- [AIM OF THE EXERCISE] An exact copy of all the data below is required.

═══ DATA RECORDS ═══

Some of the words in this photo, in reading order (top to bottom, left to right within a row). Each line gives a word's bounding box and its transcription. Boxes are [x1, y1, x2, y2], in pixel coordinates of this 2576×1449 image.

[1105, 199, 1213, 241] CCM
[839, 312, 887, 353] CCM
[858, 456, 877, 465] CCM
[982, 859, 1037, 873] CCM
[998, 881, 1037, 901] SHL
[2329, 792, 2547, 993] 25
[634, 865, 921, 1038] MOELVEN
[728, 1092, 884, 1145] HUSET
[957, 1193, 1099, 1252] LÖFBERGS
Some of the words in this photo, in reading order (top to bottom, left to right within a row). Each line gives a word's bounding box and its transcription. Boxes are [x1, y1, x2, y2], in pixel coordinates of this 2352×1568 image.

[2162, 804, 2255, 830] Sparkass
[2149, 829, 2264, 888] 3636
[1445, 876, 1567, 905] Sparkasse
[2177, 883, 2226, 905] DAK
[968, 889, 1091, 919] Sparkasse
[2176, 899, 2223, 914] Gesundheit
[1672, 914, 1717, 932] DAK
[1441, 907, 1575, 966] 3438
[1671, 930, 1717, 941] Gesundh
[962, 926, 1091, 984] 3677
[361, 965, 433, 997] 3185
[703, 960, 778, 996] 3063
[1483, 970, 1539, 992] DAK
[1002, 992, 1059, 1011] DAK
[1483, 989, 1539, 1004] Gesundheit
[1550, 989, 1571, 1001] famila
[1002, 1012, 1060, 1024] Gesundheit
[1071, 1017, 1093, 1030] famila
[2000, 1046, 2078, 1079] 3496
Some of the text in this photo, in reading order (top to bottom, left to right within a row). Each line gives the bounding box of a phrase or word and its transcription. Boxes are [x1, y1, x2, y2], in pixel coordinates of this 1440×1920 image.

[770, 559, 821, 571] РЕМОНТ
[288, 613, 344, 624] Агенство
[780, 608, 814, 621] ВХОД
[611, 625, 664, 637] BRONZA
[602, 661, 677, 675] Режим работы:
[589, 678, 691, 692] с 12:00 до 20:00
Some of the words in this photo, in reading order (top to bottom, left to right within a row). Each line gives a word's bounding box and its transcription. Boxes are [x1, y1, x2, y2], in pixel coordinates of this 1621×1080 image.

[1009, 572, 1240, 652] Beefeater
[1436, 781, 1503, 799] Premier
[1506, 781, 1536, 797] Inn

═══

- [RESPONSE TO THE EXERCISE]
Some of the words in this photo, in reading order (top to bottom, left to right within a row). Each line gives a word's bounding box and its transcription. Boxes are [x1, y1, x2, y2], in pixel coordinates of this 2576×1449 image.

[1105, 199, 1213, 241] CCM
[839, 312, 887, 353] CCM
[858, 456, 877, 465] CCM
[982, 859, 1037, 873] CCM
[998, 881, 1037, 901] SHL
[2329, 792, 2547, 993] 25
[634, 865, 921, 1038] MOELVEN
[728, 1092, 884, 1145] HUSET
[957, 1193, 1099, 1252] LÖFBERGS
Some of the words in this photo, in reading order (top to bottom, left to right within a row). Each line gives a word's bounding box and its transcription. Boxes are [x1, y1, x2, y2], in pixel coordinates of this 2352×1568 image.

[2162, 804, 2255, 830] Sparkass
[2149, 829, 2264, 888] 3636
[1445, 876, 1567, 905] Sparkasse
[2177, 883, 2226, 905] DAK
[968, 889, 1091, 919] Sparkasse
[2176, 899, 2223, 914] Gesundheit
[1672, 914, 1717, 932] DAK
[1441, 907, 1575, 966] 3438
[1671, 930, 1717, 941] Gesundh
[962, 926, 1091, 984] 3677
[361, 965, 433, 997] 3185
[703, 960, 778, 996] 3063
[1483, 970, 1539, 992] DAK
[1002, 992, 1059, 1011] DAK
[1483, 989, 1539, 1004] Gesundheit
[1550, 989, 1571, 1001] famila
[1002, 1012, 1060, 1024] Gesundheit
[1071, 1017, 1093, 1030] famila
[2000, 1046, 2078, 1079] 3496
Some of the text in this photo, in reading order (top to bottom, left to right within a row). Each line gives the bounding box of a phrase or word and its transcription. Boxes are [x1, y1, x2, y2], in pixel coordinates of this 1440×1920 image.

[770, 559, 821, 571] РЕМОНТ
[288, 613, 344, 624] Агенство
[780, 608, 814, 621] ВХОД
[611, 625, 664, 637] BRONZA
[602, 661, 677, 675] Режим работы:
[589, 678, 691, 692] с 12:00 до 20:00
Some of the words in this photo, in reading order (top to bottom, left to right within a row). Each line gives a word's bounding box and its transcription. Boxes are [x1, y1, x2, y2], in pixel coordinates of this 1621×1080 image.

[1009, 572, 1240, 652] Beefeater
[1436, 781, 1503, 799] Premier
[1506, 781, 1536, 797] Inn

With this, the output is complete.